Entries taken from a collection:
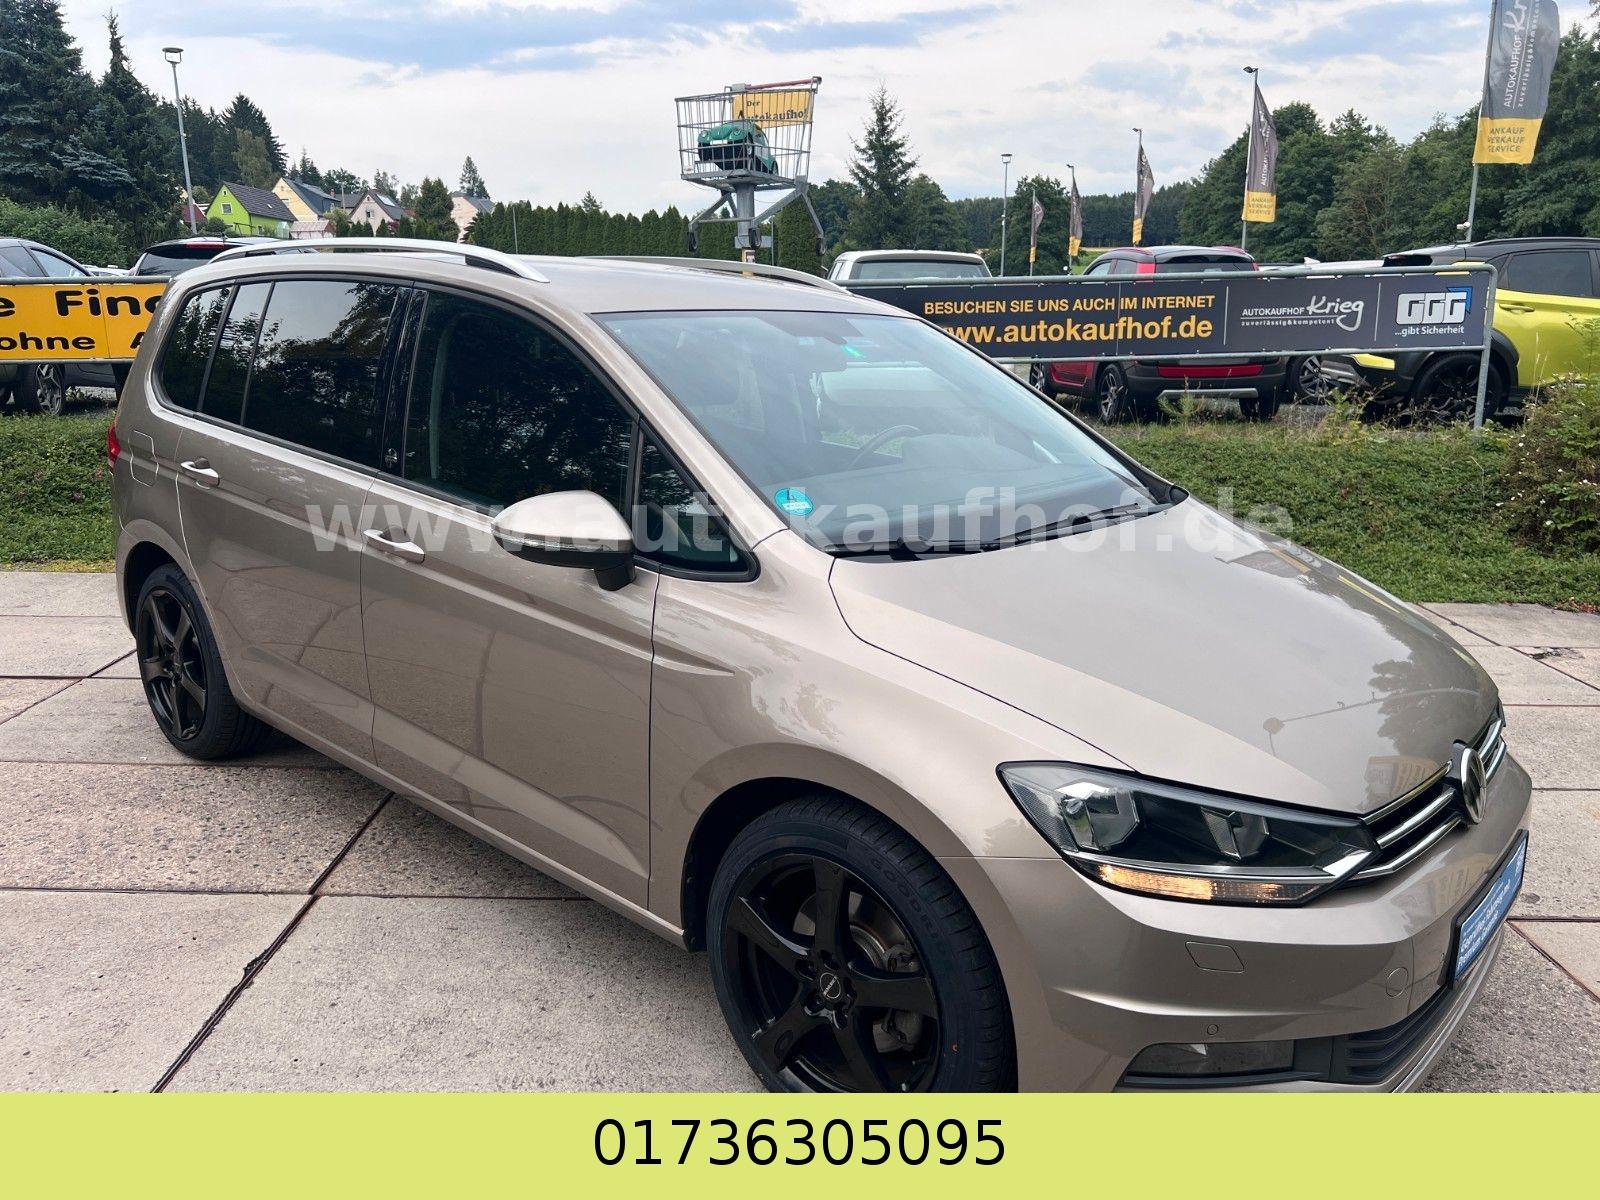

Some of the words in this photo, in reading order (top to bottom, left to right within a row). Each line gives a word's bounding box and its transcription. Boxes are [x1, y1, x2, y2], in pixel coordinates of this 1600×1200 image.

[1490, 127, 1525, 135] ANKAUF
[924, 300, 1006, 315] BESUCHEN
[1010, 299, 1033, 313] SIE
[1037, 298, 1069, 313] UNS
[1073, 297, 1115, 311] AUCH
[1120, 296, 1138, 311] IM
[1141, 295, 1216, 310] INTERNET
[1242, 307, 1305, 316] AUTOKAUFHOF
[1306, 295, 1365, 332] Krieg
[1396, 292, 1468, 325] GGG
[942, 314, 1213, 344] ww.autokaufhof.de
[1421, 325, 1465, 335] Sicherheit
[0, 331, 96, 351] ohne

● **ASSIGNMENT**
For every entry above, write it out exactly and remove any image.

● **OUTPUT OF THE TASK**
Some of the words in this photo, in reading order (top to bottom, left to right within a row). Each line gives a word's bounding box and its transcription. Boxes are [x1, y1, x2, y2], in pixel coordinates of this 1600×1200 image.

[1490, 127, 1525, 135] ANKAUF
[924, 300, 1006, 315] BESUCHEN
[1010, 299, 1033, 313] SIE
[1037, 298, 1069, 313] UNS
[1073, 297, 1115, 311] AUCH
[1120, 296, 1138, 311] IM
[1141, 295, 1216, 310] INTERNET
[1242, 307, 1305, 316] AUTOKAUFHOF
[1306, 295, 1365, 332] Krieg
[1396, 292, 1468, 325] GGG
[942, 314, 1213, 344] ww.autokaufhof.de
[1421, 325, 1465, 335] Sicherheit
[0, 331, 96, 351] ohne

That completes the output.